Entre os causos que se contam na família de Henrique Gilberto, 32, um é clássico. A vez em que sua bisavó saiu carregada por garçons de um restaurante após discutir, insatisfeita com o fato de o molho pardo do frango ter sido engrossado com amido de milho. 

“Virou uma brincadeira. Frango com molho pardo, você não mexe, se não dona Efigênia vem puxar seu pé”, conta Henrique, à frente do restaurante Cozinha Tupis.

Histórias são ingrediente obrigatório nos pratos de sua casa, inaugurada em outubro do ano passado no Mercado Novo, zona central de Belo Horizonte. 

Um dos principais nomes da cozinha mineira contemporânea, Henrique encabeçou, com um grupo de amigos, a ideia de ocupar o prédio desse mercado. 

O espaço, que antes era tomado por fabriquetas, gráficas pequenas e lojas de velas, começou a receber também restaurantes, cafés e empórios que funcionam como uma rede —em um bar, por exemplo, você pode comer o quitute do box vizinho.

Deu tão certo que esse novo pedaço do mercado fica lotado de quinta a domingo. 

Henrique herdou o gosto pela cozinha do avô, Aníbal, pai de seu pai. Médico e professor de biologia, o avô ia aos livros de culinária e testava os pratos para aprender mais sobre diferentes culturas, como a japonesa. 

Os filhos cresceram gostando de cozinhar, mas nenhum seguiu essa atividade como profissão. Só o neto.

Aos 15, Henrique começou a trabalhar limpando a cozinha do Xapuri, tradicional restaurante de comida mineira. Depois, mudou-se para o Rio e foi trabalhar no Carême, da chef Flávia Quaresma.

Três anos mais tarde, foi convidado para o Super Chef, quadro do programa de Ana Maria Braga, na TV Globo. 

Ele venceu a competição, um dos primeiros realities de gastronomia do país. O prêmio de R$ 50 mil foi separado para uma viagem de aprendizado na Europa. Antes, Henrique ainda colocou no currículo o D.O.M., de Alex Atala. 

Depois de passar por França e Espanha, trabalhou por oito meses no restaurante de um dos chefs mais estrelados do mundo: a Osteria Francescana, do italiano Massimo Bottura, em Modena. 

Lá, aprendeu mais sobre a importância da preciosidade técnica, dos rituais de concentração na cozinha e também das relações humanas.
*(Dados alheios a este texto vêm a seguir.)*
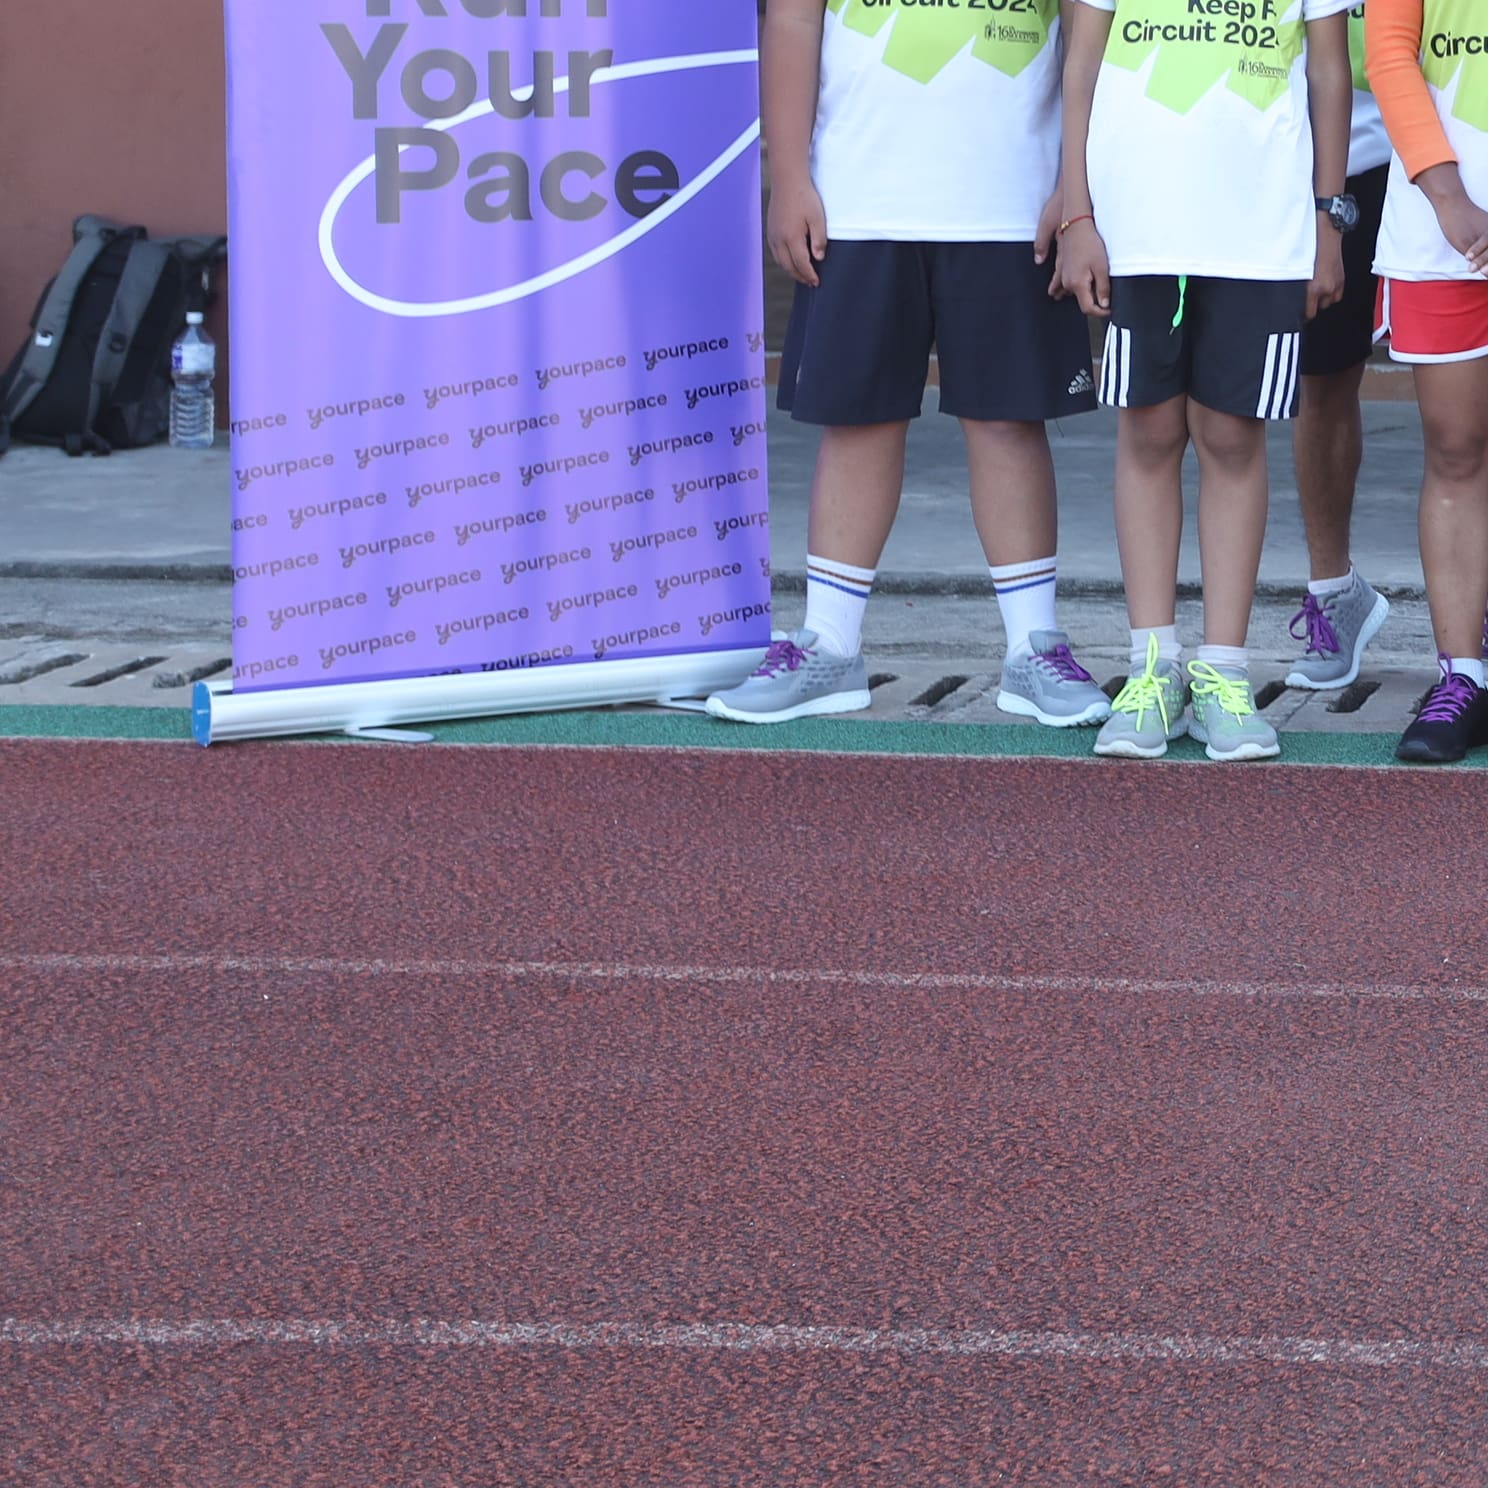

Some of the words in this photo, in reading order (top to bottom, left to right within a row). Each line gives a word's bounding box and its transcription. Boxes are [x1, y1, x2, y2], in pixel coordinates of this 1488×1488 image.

“A coisa que mais me impressionou quando comecei a trabalhar aqui no Cozinha Tupis foi a forma com que Henrique trata o alimento. Ele se empolga com o método, com o ingrediente e transmite isso para a gente”, depõe Ana Clara Ribeiro Valadares, 23, cozinheira. “Em outras casas, você pega e faz, não é lugar de criação.”

A inventividade no Cozinha Tupis é regra. O cardápio do lugar muda toda semana, pautado pelos ingredientes disponíveis na época. Se for a semente de abóbora que está barata, por exemplo, a equipe quebra a cabeça para usá-la em receitas.

“A gente sabe que em um cardápio fixo a tendência é o cozinheiro fazer 10 quilos de purê e guardar na geladeira. Aqui é o antipadrão. A gente muda para estar sempre cozinhando”, afirma Henrique. 

Os testes e as melhorias são anotados. Desde que o restaurante abriu, há nove meses, já foram oito cadernos. Há, ali, pratos que fazem porque gostam, e outros que fazem porque são sucesso de público. 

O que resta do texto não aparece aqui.